Advanta, Scottish Bank in U.K. Card Venture

Making its first international foray, Advanta Corp. has entered into a joint credit-card-issuing venture with Royal Bank of Scotland.

Their new company, RBS Advanta in Edinburgh, will start issuing MasterCard and Visa cards in the United Kingdom around yearend, Advanta announced this week.

Following other U.S. credit card specialists abroad, Advanta should do well, analysts said. MBNA Corp. and Household International are already active in the United Kingdom, and Citibank's card unit has made international growth a priority.

Advanta's move suggests another credit card niche company - First USA Inc. - will follow into the less cluttered, less mature European markets.

"It seems like a very innovative marriage for the skills Advanta brings with information-based marketing and the knowledge Royal Bank has with the U.K. marketplace," said K. Shelly Porges of Porges/Hudson Marketing Inc. in San Francisco.

"We are firmly committed to taking things we've learned here in the United States and moving them on to selected other markets" where consumer credit bureau data are reliable, said Alex W. "Pete" Hart, Advanta's executive vice chairman and former president of MasterCard International.

Advanta, based in Horsham, Pa., reported having more than four million customers and $9.8 billion in managed assets at March 31. Advanta is the 14th-largest card issuer in the United States, with $7 billion in credit card receivables, and is also active in home equity lending.

The company, which issues cards through Colonial National Bank (USA) in Delaware, has named John F. Mullady, a 25-year credit card veteran and former chief operating officer of First Omni Bank, general manager of the U.K. venture.

With assets of $78 billion, Royal of Scotland is the U.K.'s fifth- largest commercial bank and a major card issuer. It will own 51% of RBS Advanta, while Advanta Corp. will have 49%.

"I believe this new operation will have the capacity to transform the credit card market in the U.K., combining our knowledge and experience as a leading credit card issuer with Advanta's unique expertise in direct marketing, targeting, and risk management," said Norman McLuskie, managing director of Royal Bank's operations division.

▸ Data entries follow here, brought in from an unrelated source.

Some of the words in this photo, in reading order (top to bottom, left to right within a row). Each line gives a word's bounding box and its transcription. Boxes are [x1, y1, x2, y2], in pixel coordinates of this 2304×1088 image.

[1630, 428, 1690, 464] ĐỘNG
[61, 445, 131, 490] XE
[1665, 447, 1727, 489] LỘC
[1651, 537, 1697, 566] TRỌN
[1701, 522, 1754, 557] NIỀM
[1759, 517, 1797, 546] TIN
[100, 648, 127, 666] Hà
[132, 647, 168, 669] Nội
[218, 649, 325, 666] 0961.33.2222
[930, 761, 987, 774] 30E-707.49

"I am confident this combination will enable us to expand significantly the credit card market in the U.K.," said Mr. McLuskie, who will be RBS Advanta's chairman. Mr. Hart will serve as a director.

The U.K. card market has fewer issuers than the U.S., with Barclays Bank of London controlling a 40% share, said Thomas P. Facciola, an analyst with Salomon Brothers Inc. In terms of balances, he said, the United Kingdom's $45 billion is a distant second to the United States' $250 billion.

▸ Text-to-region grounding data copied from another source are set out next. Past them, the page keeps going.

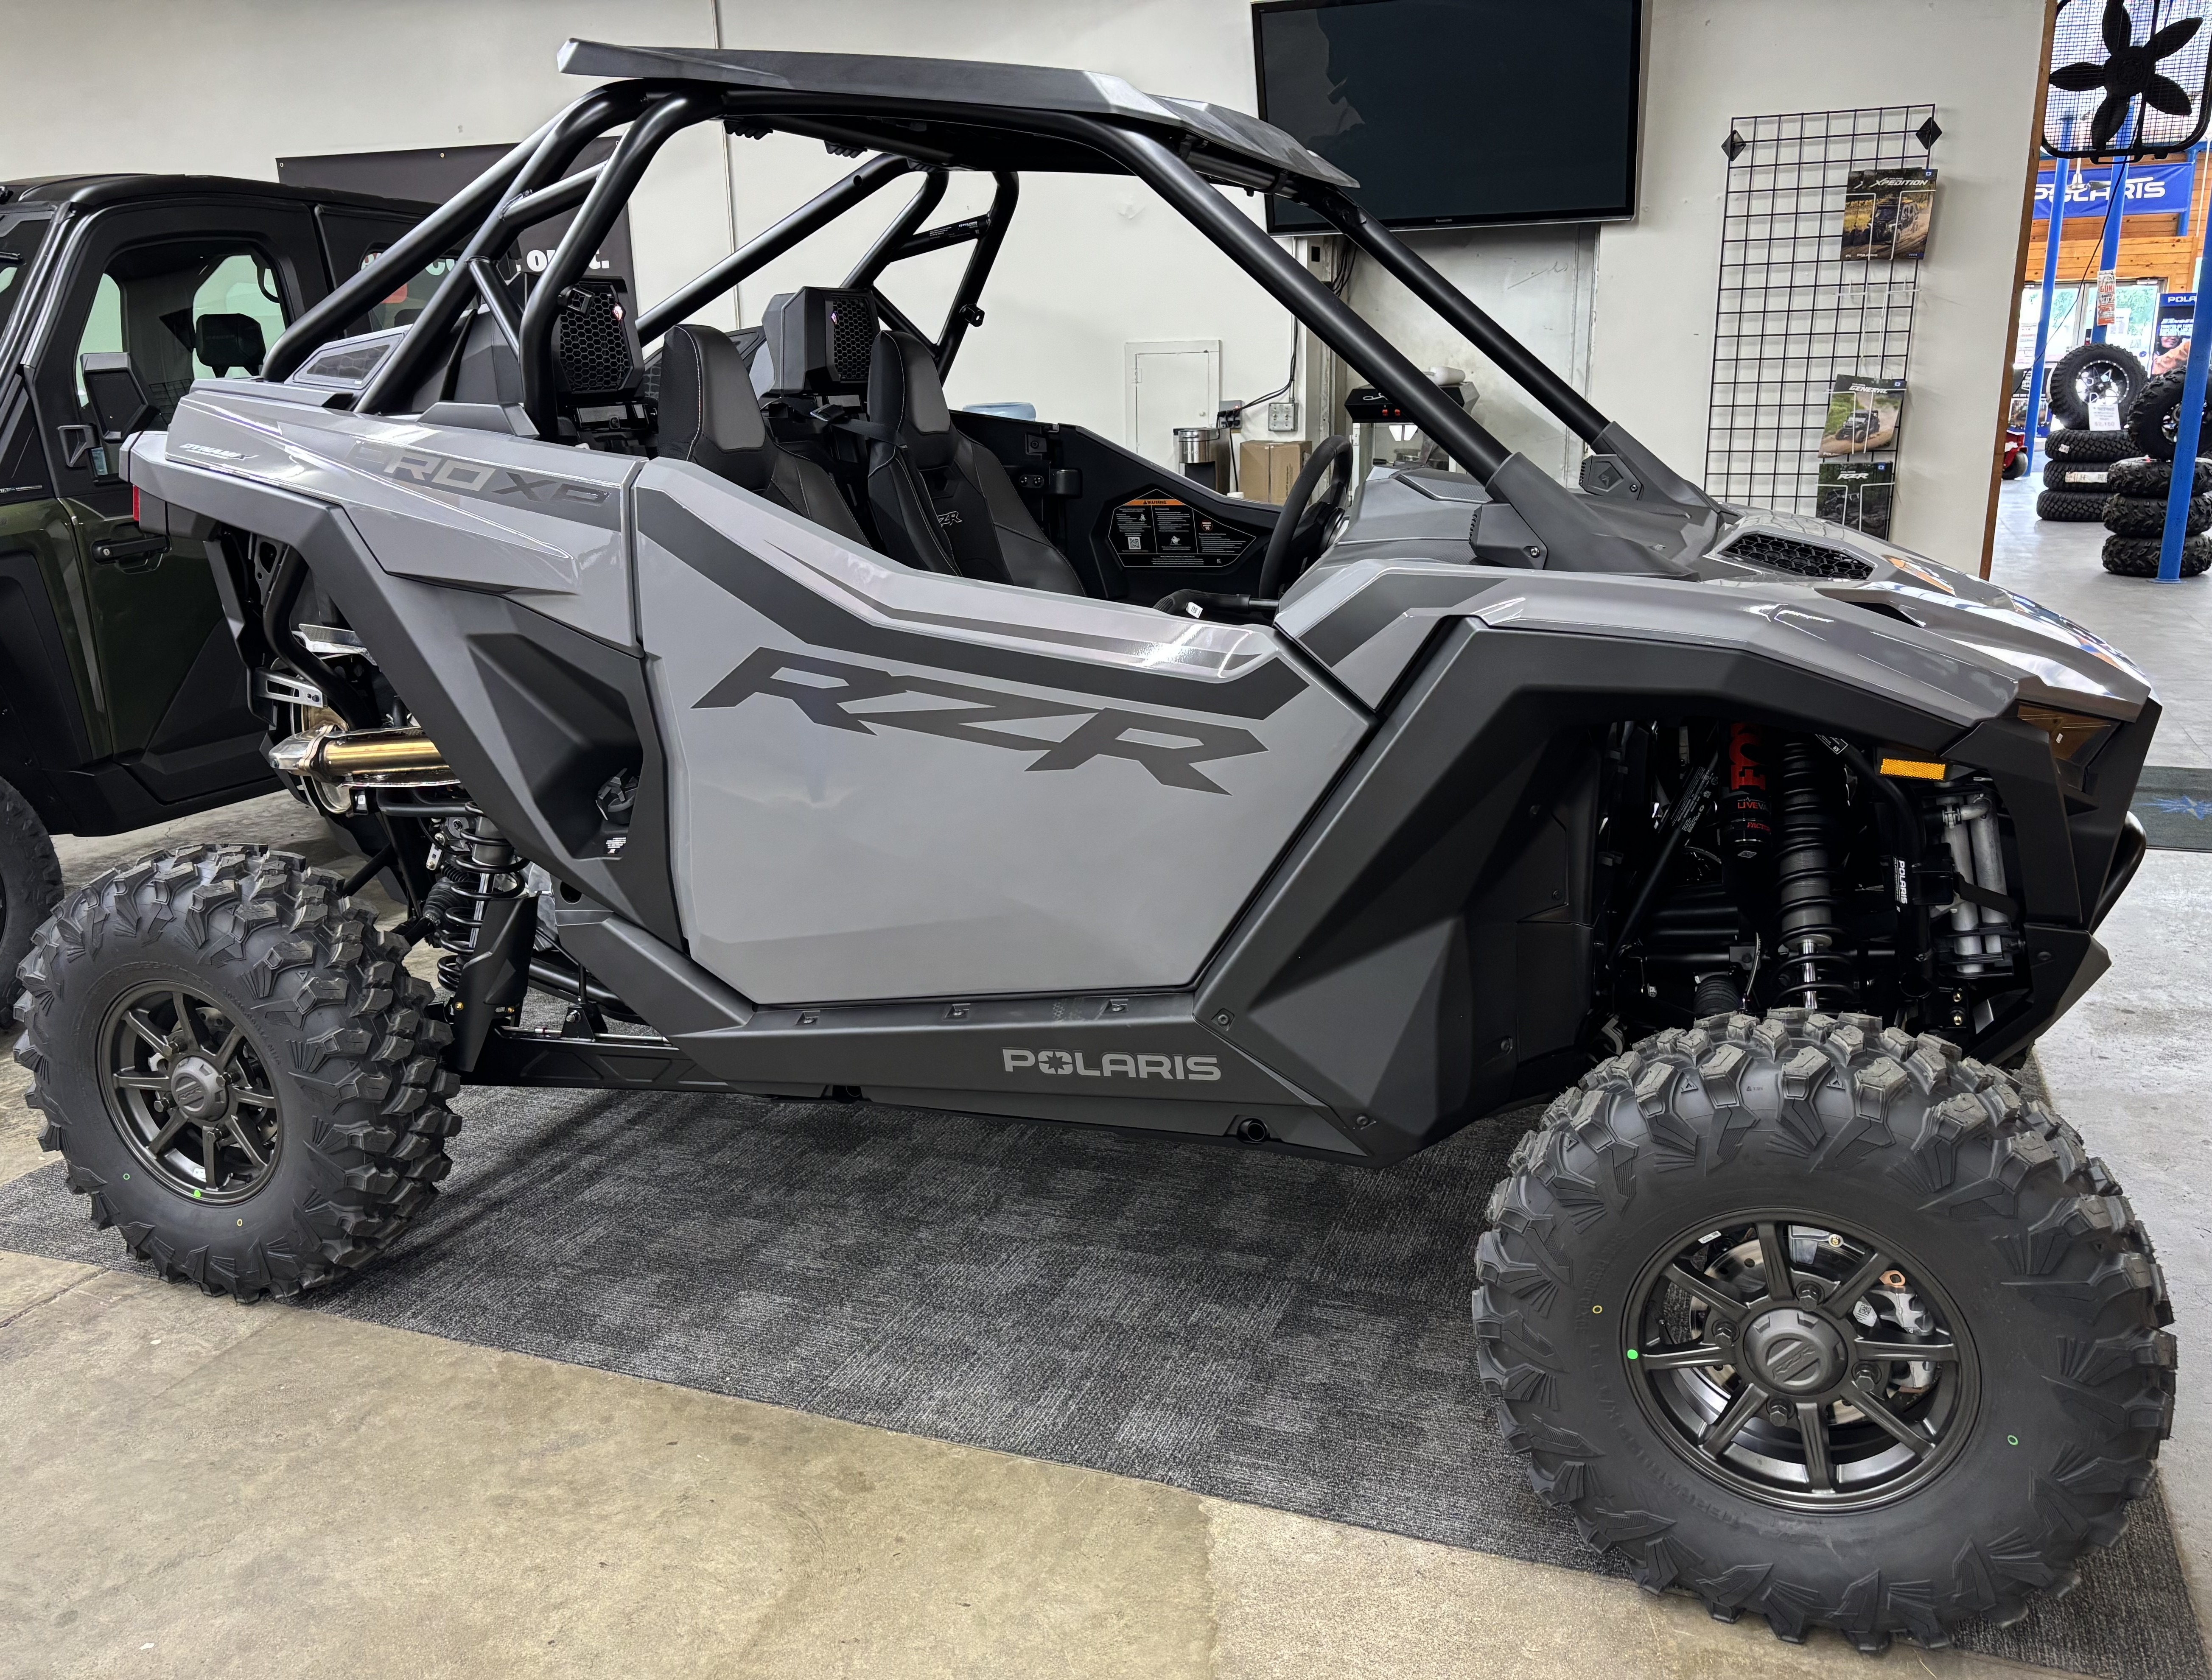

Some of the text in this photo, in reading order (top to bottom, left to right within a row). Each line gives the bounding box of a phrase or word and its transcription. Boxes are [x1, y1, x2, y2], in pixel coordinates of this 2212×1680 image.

[1869, 177, 1929, 187] XPEDITION
[1849, 386, 1888, 394] GENERAL
[690, 646, 1269, 796] RZR
[1898, 860, 1908, 904] POLARIS
[1002, 1047, 1221, 1081] POLARIS

"The U.K. market looks a lot like the U.S. did in the 1980s," Mr. Facciola said. Big banks dominate, but an Advanta can gain share by competing on price.

Typically, Barclays, National Westminster, Midland Bank, and others offer credit cards at 19% and up, and the marketing is bland, Mr. Hart said. "Our intention would be to do as we have done here, with risk-based pricing woven into the offerings, and to just take an extremely sophisticated approach to customer identification and solicitation and risk management."

In assessing opportunities overseas for Advanta, Auriemma Consulting Group Inc. found the United Kingdom an ideal first stop because English is spoken and consumers have embraced credit cards much like Americans, said Michael Auriemma, president of the Westbury, N.Y., firm.

MBNA Corp.'s year-old British operation accounted for 6% of the Delaware-based affinity card marketer's net increase in receivables in 1994, said Susan L. Roth, an analyst with Bear, Stearns & Co.

MBNA has signed contracts with 150 U.S. affinity groups, and March 31 outstandings were $500 million, Ms. Roth noted. "We expect a growing contribution from the company's overseas operations," she said in an April report, and a likely expansion into France or Germany within a year.

"There are challenges in moving overseas; you don't want to take away your management strengths," Mr. Auriemma said.